• What to work on
Whenever the word "Some" turns up in a line of the data below, copy that line.

Annotated photo localization data
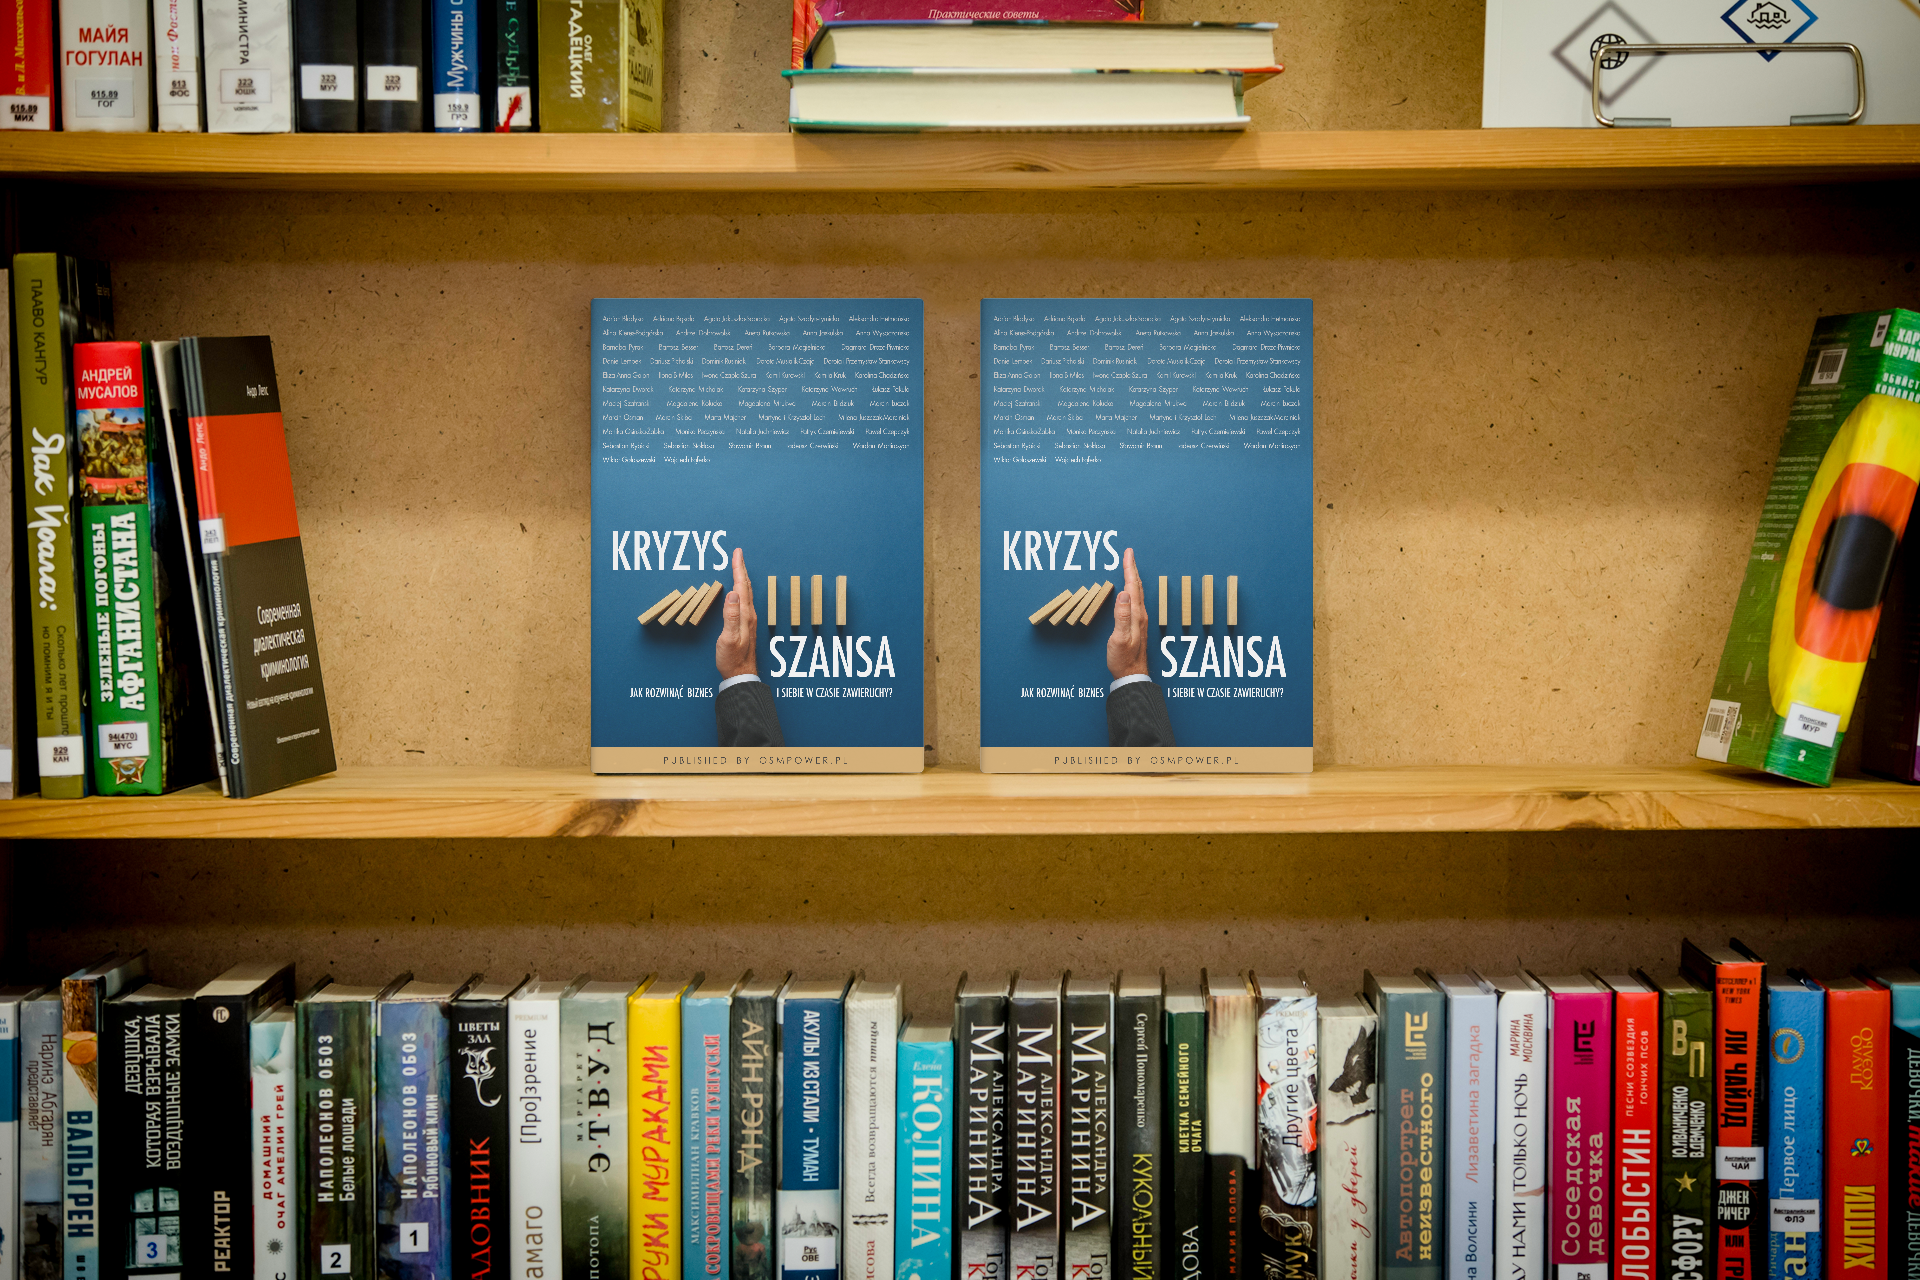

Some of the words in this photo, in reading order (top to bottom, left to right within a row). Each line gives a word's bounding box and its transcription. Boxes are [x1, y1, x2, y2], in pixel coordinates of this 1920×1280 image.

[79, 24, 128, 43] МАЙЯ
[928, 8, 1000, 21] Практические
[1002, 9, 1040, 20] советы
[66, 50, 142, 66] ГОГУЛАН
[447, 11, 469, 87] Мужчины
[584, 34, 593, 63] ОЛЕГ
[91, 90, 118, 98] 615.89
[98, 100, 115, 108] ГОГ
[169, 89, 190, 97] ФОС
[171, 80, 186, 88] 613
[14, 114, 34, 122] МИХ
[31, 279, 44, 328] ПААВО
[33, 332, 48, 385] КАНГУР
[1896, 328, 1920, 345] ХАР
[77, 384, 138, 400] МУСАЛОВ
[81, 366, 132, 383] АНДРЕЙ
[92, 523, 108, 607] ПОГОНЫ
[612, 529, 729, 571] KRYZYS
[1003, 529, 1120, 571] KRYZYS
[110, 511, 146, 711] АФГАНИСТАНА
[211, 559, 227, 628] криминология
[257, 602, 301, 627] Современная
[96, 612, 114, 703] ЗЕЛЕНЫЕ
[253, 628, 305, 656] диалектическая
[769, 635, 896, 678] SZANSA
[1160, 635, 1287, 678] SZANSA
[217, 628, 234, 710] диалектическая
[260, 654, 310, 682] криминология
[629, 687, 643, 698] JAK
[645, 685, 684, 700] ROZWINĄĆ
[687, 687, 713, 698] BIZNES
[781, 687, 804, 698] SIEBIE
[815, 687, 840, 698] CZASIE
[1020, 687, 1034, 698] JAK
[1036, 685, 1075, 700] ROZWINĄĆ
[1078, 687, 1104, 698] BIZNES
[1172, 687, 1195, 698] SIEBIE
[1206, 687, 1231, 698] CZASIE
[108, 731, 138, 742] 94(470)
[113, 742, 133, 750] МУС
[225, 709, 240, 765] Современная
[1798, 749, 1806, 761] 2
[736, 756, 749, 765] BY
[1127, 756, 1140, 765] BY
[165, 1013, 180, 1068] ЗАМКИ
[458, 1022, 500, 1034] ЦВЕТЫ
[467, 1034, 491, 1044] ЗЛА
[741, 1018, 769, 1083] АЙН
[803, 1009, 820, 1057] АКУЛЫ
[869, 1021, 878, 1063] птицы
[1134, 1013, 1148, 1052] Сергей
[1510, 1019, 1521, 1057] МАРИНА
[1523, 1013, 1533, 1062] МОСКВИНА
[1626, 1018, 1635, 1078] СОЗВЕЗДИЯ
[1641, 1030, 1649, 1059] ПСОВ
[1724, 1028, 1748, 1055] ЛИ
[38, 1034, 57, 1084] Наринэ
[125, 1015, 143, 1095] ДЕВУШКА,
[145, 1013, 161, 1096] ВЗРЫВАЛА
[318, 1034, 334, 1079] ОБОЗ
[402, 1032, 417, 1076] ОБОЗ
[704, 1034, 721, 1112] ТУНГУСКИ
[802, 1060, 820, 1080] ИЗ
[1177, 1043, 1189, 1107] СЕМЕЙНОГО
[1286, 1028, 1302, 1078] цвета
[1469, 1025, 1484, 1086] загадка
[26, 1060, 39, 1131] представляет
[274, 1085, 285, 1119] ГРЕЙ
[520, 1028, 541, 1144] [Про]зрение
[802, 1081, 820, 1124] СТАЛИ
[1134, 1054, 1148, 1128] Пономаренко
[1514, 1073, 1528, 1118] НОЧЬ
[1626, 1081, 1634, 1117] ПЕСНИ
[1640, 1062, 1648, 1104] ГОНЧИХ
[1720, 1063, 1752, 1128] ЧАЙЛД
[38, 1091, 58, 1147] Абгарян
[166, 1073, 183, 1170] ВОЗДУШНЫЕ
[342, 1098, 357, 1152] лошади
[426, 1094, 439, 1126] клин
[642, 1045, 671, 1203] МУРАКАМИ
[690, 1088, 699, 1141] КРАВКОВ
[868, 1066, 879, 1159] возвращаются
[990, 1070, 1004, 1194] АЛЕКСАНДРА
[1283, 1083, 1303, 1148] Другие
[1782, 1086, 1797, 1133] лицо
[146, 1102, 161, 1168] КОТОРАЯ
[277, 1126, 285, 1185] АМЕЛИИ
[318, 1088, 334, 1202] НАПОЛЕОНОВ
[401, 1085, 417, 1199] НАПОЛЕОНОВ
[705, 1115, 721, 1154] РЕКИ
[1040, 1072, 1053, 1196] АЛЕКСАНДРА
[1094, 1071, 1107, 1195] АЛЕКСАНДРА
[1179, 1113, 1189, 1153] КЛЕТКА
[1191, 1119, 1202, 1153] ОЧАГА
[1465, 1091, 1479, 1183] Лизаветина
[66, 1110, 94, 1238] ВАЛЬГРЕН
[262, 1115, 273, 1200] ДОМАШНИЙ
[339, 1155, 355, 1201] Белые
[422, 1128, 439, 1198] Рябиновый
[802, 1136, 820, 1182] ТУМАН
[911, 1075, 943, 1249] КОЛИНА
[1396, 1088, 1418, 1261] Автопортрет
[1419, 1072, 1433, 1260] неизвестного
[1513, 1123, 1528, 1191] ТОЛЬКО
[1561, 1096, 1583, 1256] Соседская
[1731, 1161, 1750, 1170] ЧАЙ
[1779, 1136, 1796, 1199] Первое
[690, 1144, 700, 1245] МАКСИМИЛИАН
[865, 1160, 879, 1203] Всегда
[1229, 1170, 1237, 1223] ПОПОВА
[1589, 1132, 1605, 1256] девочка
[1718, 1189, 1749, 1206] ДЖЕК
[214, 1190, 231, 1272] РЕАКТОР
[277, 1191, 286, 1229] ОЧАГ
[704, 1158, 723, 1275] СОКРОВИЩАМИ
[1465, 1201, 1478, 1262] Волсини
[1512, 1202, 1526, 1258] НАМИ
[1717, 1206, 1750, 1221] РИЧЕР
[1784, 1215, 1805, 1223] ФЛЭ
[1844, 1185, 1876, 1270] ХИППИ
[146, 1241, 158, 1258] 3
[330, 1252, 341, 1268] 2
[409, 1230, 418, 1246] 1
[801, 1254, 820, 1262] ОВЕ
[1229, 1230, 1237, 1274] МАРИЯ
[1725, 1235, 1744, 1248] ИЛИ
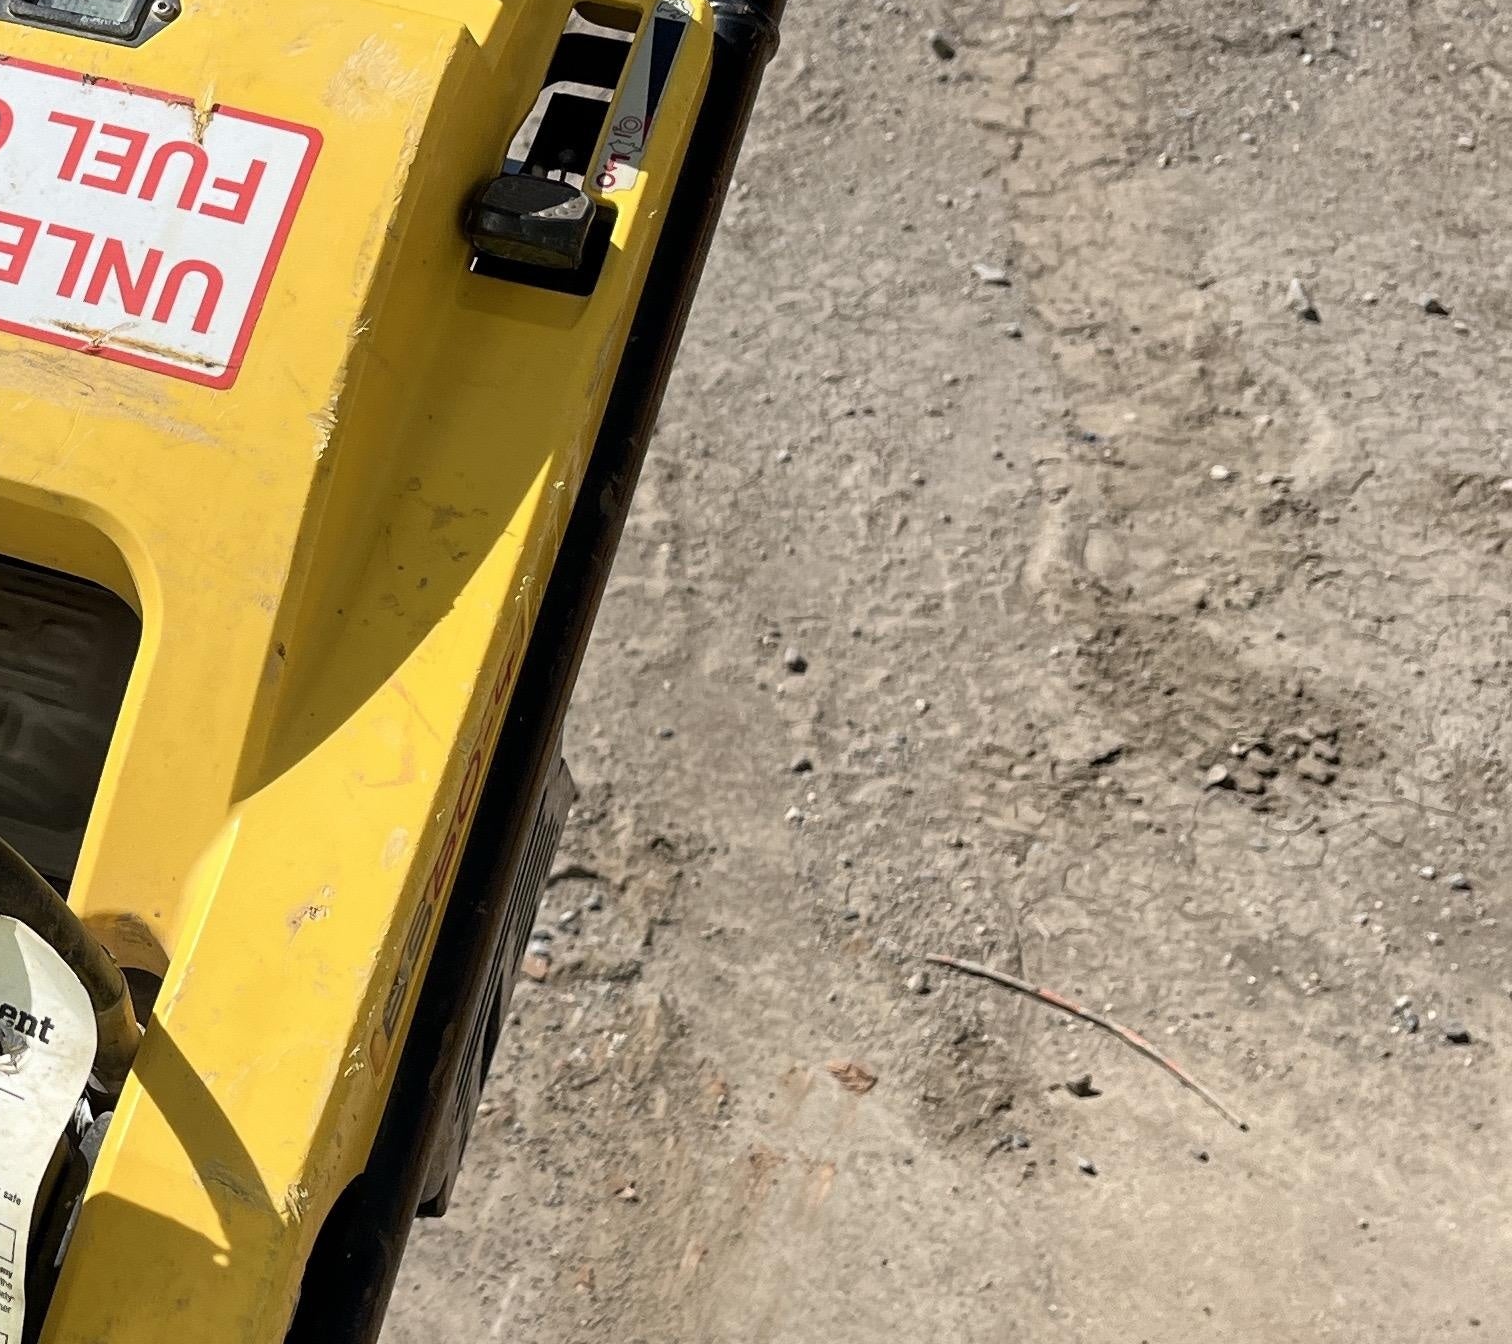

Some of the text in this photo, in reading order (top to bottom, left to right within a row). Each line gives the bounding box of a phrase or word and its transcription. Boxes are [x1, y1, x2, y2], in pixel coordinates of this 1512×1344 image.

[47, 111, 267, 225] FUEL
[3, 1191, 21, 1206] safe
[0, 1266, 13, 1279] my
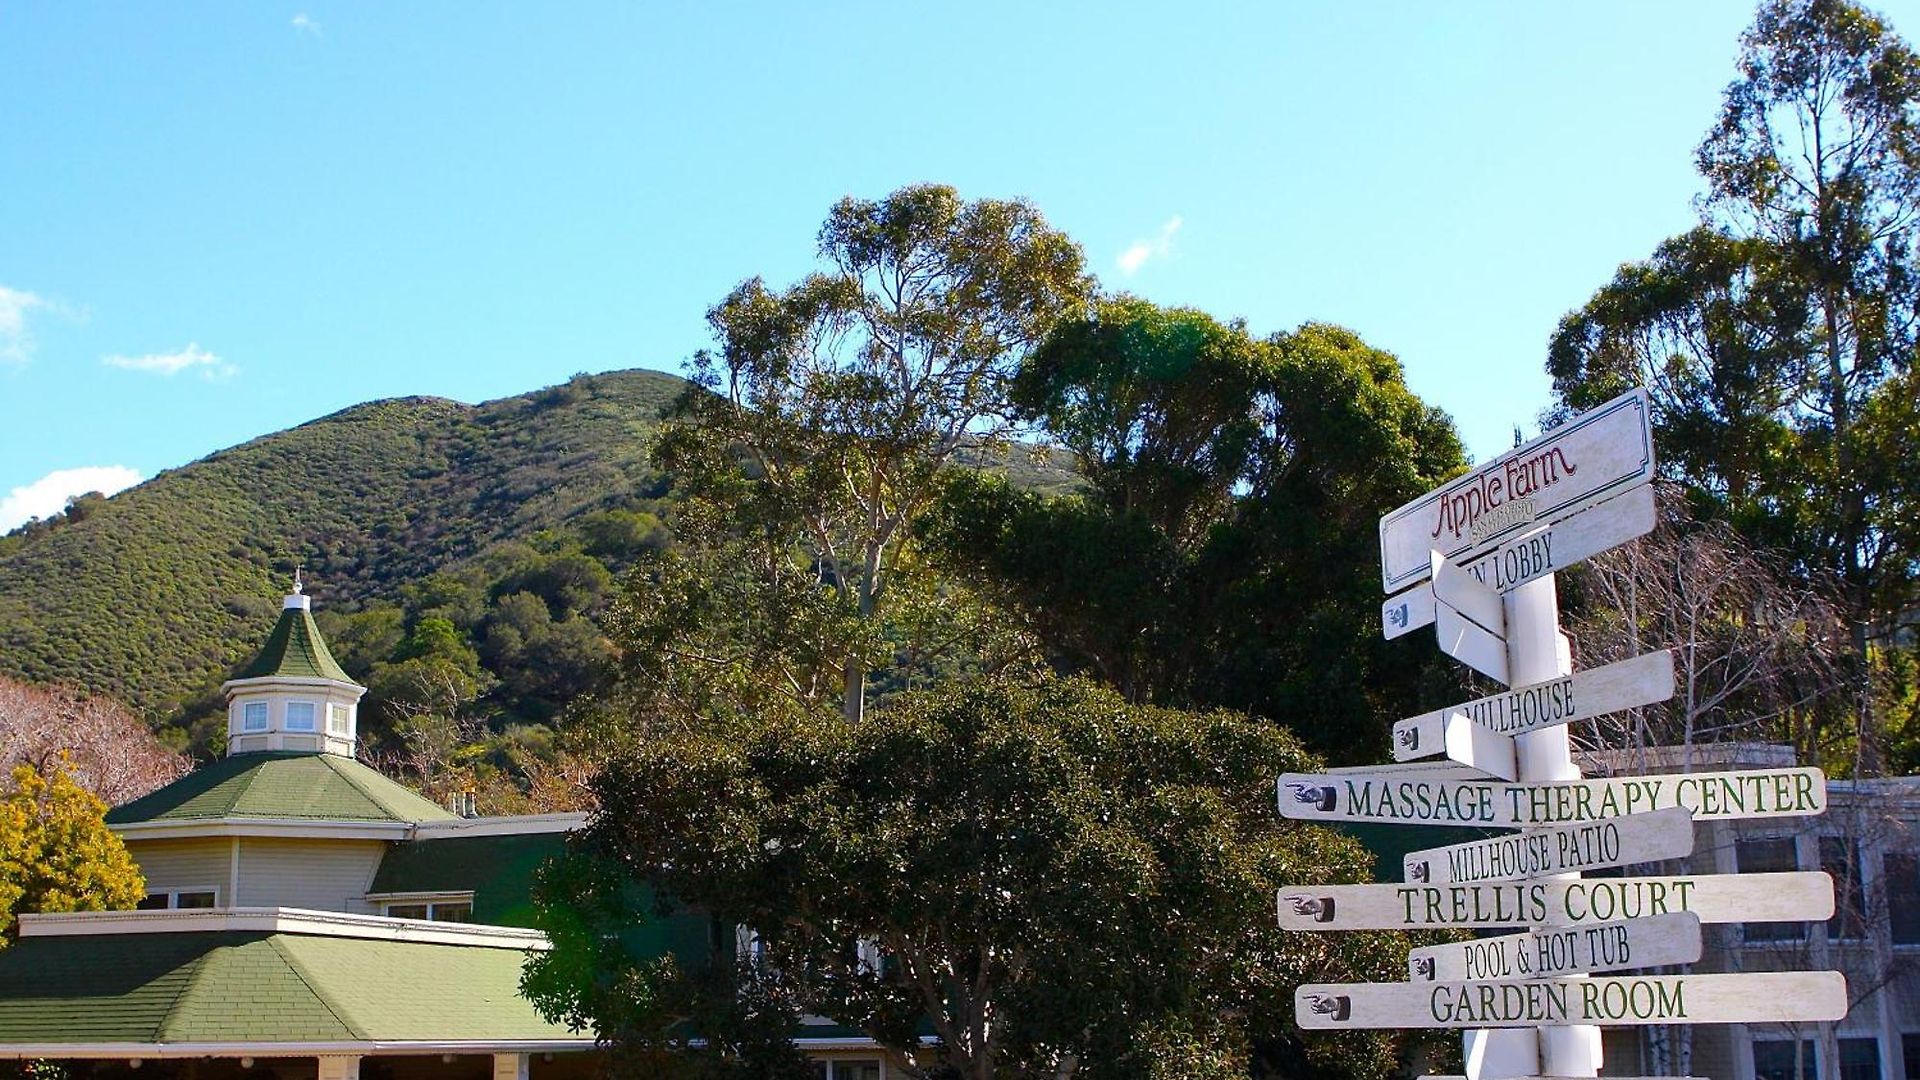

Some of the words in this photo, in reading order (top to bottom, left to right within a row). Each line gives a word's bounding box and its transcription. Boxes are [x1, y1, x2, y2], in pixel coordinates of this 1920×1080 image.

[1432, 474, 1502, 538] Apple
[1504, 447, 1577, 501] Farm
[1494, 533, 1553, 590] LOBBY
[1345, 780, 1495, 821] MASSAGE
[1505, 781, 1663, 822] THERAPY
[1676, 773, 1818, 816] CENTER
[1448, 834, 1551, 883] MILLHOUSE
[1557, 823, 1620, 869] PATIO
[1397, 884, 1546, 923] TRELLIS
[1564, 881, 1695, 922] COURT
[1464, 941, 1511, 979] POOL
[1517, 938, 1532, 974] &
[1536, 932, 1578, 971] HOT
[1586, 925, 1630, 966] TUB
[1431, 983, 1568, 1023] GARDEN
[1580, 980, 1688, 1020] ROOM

• Response to this exercise
Some of the words in this photo, in reading order (top to bottom, left to right within a row). Each line gives a word's bounding box and its transcription. Boxes are [x1, y1, x2, y2], in pixel coordinates of this 1920×1280 image.
Some of the text in this photo, in reading order (top to bottom, left to right within a row). Each line gives the bounding box of a phrase or word and its transcription. Boxes are [x1, y1, x2, y2], in pixel coordinates of this 1512×1344 image.
Some of the words in this photo, in reading order (top to bottom, left to right within a row). Each line gives a word's bounding box and its transcription. Boxes are [x1, y1, x2, y2], in pixel coordinates of this 1920×1080 image.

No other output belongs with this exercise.